# RUMOR Supposed Super Smash Bros Universe New Character List



## Valwin (Dec 26, 2011)

> Another day another rumour, this time the rumour comes direct from a Japanese image board and has been reposted on 4Chan. The original poster basically claims that he has a leaked document containing the character line-up for the forthcoming Smash Bros game which is already confirmed for Wii U and Nintendo 3DS. The list reads:
> King K Rool (Donkey Kong)
> Zoroark (Pokemon)
> Ghirahim (Zelda)
> ...



Source


----------



## Joe88 (Dec 26, 2011)

2ch and 4chan are very reliable sources


----------



## ScarletCrystals (Dec 26, 2011)

Professor Layton points at you!
You take 300% damage!


----------



## Canonbeat234 (Dec 26, 2011)

OoC: BAN THIS BEFORE A FLAME WAR DEVELOPS!!

On-topic: Great, now let the ever increasing hype of the smash franchise begin!

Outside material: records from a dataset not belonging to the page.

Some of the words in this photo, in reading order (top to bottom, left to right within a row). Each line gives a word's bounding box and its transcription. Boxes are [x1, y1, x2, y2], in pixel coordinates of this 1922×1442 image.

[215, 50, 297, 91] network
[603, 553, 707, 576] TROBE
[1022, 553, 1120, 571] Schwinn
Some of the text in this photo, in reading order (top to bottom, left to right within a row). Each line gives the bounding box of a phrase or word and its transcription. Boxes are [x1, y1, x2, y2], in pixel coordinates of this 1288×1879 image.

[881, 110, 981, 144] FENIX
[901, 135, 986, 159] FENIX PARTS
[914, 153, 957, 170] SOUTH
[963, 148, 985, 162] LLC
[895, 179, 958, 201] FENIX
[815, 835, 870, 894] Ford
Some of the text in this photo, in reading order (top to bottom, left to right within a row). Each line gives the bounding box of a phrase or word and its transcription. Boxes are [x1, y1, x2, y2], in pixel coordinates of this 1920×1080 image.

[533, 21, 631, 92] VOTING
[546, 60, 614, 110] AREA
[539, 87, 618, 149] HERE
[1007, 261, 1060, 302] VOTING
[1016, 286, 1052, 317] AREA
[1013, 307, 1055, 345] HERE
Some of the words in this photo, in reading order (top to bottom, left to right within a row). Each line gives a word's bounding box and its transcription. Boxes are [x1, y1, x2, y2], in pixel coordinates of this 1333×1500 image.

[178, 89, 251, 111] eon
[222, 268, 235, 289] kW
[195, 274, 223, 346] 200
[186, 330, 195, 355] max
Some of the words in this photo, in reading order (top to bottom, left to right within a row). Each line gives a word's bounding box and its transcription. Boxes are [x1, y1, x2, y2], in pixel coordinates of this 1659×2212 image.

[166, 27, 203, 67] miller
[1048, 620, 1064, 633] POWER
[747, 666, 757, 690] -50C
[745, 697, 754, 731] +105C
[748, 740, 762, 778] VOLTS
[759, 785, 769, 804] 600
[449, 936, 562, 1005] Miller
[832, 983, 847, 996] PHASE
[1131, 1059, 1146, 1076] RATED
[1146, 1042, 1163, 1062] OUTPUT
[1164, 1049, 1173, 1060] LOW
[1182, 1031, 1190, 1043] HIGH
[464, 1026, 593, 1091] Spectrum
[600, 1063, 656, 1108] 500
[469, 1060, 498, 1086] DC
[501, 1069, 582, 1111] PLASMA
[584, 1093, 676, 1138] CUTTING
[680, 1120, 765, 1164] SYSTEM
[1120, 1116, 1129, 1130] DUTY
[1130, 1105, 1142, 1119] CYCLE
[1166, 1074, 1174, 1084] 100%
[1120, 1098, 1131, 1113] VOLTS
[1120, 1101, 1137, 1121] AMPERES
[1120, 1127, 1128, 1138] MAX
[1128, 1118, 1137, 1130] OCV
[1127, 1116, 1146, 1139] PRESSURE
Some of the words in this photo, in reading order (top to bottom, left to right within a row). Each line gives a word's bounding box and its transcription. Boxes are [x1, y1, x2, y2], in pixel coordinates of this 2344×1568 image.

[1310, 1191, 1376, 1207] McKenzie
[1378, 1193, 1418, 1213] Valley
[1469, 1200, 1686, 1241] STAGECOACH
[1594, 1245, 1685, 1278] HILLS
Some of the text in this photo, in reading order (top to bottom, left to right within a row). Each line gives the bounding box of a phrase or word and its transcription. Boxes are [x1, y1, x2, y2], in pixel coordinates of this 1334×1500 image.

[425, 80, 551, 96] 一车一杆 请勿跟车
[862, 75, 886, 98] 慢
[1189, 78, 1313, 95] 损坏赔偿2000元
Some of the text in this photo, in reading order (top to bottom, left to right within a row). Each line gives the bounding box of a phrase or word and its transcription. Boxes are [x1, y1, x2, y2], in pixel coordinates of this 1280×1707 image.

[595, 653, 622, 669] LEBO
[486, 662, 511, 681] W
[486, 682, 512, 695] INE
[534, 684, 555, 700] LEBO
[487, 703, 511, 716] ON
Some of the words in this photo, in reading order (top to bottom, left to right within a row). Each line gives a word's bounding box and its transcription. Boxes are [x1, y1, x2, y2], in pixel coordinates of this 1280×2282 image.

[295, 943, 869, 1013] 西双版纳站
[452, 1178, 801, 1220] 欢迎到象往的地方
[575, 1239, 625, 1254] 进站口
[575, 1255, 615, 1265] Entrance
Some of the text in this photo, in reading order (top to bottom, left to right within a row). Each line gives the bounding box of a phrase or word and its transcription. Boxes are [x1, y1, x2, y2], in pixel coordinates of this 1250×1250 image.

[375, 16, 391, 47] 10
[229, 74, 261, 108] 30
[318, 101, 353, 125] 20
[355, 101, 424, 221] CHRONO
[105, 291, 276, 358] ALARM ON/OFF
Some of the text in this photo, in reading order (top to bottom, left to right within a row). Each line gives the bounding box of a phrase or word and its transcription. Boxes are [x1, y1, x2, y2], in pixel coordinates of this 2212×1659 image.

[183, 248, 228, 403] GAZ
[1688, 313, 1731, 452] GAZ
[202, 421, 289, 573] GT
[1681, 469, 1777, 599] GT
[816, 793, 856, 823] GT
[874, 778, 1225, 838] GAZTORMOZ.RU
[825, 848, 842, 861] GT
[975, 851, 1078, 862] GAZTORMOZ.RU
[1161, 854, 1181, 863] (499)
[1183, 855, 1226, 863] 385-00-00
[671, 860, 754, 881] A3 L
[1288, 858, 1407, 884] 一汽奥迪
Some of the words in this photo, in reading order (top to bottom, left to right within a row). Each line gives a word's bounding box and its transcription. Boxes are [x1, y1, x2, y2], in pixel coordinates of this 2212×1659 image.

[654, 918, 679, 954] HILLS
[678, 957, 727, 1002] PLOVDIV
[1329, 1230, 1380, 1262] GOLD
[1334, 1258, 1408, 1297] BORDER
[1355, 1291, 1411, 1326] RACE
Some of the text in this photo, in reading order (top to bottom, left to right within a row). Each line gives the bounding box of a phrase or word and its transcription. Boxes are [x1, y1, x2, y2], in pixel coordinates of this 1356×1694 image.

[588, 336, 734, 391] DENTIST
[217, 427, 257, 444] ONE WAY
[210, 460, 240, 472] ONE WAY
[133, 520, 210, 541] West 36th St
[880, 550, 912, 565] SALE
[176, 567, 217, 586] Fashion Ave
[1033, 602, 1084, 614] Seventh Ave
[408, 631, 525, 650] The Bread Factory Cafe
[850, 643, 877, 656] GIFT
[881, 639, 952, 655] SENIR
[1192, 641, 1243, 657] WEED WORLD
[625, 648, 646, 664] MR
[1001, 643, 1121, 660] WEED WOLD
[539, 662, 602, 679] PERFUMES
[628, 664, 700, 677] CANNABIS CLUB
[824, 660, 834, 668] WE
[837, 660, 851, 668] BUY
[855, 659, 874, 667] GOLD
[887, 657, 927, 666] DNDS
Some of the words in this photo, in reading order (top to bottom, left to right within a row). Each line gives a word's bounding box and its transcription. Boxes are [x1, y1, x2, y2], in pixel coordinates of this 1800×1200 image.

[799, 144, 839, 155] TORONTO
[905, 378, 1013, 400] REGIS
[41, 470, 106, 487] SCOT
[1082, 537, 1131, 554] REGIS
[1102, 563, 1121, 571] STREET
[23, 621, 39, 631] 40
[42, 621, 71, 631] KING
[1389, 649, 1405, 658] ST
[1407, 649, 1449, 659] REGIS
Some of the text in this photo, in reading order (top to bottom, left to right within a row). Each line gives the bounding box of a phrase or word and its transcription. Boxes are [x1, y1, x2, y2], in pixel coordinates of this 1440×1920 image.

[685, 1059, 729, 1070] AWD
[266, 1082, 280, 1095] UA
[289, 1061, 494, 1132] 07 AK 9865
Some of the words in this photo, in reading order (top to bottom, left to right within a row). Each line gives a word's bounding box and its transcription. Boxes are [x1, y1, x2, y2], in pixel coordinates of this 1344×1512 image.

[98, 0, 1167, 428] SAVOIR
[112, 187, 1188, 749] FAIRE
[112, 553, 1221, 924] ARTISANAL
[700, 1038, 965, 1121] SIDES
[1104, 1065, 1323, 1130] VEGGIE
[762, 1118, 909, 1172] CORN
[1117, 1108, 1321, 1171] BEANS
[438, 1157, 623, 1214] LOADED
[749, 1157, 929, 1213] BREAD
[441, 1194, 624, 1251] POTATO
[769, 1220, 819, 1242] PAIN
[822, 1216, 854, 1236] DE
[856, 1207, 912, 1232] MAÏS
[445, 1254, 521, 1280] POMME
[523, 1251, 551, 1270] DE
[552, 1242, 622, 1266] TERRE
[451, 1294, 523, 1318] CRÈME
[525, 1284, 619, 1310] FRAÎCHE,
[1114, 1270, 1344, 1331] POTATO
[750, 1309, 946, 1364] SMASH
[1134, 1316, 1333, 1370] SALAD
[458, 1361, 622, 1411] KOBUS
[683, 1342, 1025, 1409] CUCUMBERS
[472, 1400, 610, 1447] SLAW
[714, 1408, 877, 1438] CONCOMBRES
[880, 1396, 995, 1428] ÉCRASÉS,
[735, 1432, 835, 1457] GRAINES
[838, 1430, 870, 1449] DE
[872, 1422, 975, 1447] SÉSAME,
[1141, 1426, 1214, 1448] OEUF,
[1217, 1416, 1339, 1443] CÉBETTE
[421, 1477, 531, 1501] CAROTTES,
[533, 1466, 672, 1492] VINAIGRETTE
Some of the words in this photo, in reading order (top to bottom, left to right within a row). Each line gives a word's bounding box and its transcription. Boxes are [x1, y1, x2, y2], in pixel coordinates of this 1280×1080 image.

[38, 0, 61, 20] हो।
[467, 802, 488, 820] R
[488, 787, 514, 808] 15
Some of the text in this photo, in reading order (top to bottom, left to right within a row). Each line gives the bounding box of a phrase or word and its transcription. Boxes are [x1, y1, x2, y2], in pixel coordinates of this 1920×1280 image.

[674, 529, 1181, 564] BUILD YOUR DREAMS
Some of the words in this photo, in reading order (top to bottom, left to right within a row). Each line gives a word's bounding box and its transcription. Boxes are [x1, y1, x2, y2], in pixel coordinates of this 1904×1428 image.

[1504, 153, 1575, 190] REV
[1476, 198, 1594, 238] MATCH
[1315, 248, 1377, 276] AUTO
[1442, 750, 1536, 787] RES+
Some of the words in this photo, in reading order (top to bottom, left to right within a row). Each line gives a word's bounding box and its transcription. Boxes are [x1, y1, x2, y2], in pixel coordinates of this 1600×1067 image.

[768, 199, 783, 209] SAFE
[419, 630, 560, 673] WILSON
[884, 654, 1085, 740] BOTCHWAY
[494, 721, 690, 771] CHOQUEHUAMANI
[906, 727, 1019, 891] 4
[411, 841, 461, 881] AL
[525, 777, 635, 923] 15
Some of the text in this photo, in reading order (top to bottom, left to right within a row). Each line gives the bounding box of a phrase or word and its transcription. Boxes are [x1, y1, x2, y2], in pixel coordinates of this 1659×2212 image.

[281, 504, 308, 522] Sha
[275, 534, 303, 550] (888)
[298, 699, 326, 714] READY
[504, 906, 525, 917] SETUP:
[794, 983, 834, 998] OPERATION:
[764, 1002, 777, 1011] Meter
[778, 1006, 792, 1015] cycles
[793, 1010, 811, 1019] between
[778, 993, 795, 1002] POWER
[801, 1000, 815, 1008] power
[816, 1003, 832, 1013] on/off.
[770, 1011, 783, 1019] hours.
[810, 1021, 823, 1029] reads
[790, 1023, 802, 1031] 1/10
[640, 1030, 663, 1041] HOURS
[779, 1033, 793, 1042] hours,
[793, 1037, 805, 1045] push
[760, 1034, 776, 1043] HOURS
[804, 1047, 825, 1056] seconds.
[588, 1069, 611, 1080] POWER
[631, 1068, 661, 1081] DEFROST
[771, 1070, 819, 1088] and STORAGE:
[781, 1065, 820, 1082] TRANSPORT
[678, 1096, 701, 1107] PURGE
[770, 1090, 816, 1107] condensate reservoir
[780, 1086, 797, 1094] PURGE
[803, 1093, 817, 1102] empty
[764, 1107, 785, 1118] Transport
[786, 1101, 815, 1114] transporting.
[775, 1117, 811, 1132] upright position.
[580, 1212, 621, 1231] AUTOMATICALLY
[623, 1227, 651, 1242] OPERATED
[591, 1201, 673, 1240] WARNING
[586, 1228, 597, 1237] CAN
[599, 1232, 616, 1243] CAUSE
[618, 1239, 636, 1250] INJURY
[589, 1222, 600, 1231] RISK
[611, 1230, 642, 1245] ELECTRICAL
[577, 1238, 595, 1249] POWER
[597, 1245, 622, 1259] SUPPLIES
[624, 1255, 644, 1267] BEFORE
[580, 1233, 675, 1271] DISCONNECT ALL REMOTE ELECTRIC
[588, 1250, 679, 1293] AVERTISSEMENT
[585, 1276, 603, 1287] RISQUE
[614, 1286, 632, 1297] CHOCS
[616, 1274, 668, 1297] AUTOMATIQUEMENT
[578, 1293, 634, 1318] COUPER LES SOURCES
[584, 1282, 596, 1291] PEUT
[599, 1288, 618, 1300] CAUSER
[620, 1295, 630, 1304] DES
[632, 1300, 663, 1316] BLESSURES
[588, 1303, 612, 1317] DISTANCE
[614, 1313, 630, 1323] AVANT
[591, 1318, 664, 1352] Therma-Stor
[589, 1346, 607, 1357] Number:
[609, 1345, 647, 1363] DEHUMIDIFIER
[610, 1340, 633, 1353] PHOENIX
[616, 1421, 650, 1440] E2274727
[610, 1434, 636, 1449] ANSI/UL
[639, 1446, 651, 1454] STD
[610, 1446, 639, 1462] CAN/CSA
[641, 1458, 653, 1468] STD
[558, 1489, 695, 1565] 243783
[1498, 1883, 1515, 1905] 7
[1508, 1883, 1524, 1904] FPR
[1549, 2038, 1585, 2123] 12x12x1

Edit: After reading the topic, get rid of Sonic in the smash franchise! I will rather have 'Mr. L' or 'Blaziken' as a smash icon instead of SEGA characters.


----------



## ShinyLatios (Dec 26, 2011)

Mario not included? Link not included?
arhem...
FAAAAAAAAAAAAAAAAAKE!

sorry, I had to


----------



## Valwin (Dec 26, 2011)

ShinyLatios said:


> Mario not included? Link not included?
> arhem...
> FAAAAAAAAAAAAAAAAAKE!
> 
> sorry, I had to



i mean new characters to add to the old ones


----------



## Hadrian (Dec 26, 2011)

Mashiro Sakurai has already stated that he hasn't even started production on any of the Smash Bro games and that he probably won't until a month or so before Kid Icarus is due to be released.  So yeah file this away as make believe.


----------



## Giga_Gaia (Dec 26, 2011)

This is nothing but fake at the moment, since they said even though they announced the games on 3DS and WiiU, they haven't even started working on them yet. They're finishing Kid Icarus for 3DS first,

So at the moment, there is nothing done for those 2 games.


----------



## Hydreigon (Dec 26, 2011)

> Slime (Dragon Quest)


Seriously..?


----------



## prowler (Dec 26, 2011)

>Megaman
fake


----------



## Zarcon (Dec 26, 2011)

Hadrian said:


> Mashiro Sakurai has already stated that he hasn't even started production on any of the Smash Bro games and that he probably won't until a month or so before Kid Icarus is due to be released.  So yeah file this away as make believe.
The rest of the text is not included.